• [PROBLEM DETAILS]:
Transcribe exactly, and only, the lines from the one containing "this 1500×1000 image." through the last line of the data.

• [SOURCE DATA]:
··········

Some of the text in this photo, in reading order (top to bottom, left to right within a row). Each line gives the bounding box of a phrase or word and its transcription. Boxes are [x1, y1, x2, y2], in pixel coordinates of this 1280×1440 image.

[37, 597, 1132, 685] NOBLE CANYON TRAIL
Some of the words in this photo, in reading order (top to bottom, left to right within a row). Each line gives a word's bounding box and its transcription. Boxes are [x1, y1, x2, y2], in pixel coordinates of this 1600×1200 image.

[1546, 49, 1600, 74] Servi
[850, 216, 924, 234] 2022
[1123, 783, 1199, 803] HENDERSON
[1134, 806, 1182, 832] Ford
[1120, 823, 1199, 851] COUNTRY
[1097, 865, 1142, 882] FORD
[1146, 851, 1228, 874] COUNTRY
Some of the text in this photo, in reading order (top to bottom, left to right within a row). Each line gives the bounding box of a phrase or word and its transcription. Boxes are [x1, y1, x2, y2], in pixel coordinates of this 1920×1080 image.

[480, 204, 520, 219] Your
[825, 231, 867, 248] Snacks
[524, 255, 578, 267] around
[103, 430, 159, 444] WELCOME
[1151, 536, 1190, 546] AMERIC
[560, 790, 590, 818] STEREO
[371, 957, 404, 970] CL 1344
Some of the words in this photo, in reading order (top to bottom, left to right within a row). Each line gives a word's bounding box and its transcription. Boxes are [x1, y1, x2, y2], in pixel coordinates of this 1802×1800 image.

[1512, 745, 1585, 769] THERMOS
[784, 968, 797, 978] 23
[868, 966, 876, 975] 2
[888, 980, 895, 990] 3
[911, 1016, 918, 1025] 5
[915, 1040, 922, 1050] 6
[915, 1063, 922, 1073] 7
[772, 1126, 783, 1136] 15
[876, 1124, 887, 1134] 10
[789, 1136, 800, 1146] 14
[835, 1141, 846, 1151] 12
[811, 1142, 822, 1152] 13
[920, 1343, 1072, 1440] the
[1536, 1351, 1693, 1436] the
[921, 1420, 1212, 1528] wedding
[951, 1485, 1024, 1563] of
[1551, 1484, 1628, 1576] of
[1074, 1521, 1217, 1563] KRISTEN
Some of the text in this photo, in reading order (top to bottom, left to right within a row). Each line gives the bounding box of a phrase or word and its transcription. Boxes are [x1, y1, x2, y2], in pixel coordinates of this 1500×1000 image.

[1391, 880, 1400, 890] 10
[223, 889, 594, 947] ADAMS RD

··········

• [COMPLETED TASK]:
Some of the text in this photo, in reading order (top to bottom, left to right within a row). Each line gives the bounding box of a phrase or word and its transcription. Boxes are [x1, y1, x2, y2], in pixel coordinates of this 1500×1000 image.

[1391, 880, 1400, 890] 10
[223, 889, 594, 947] ADAMS RD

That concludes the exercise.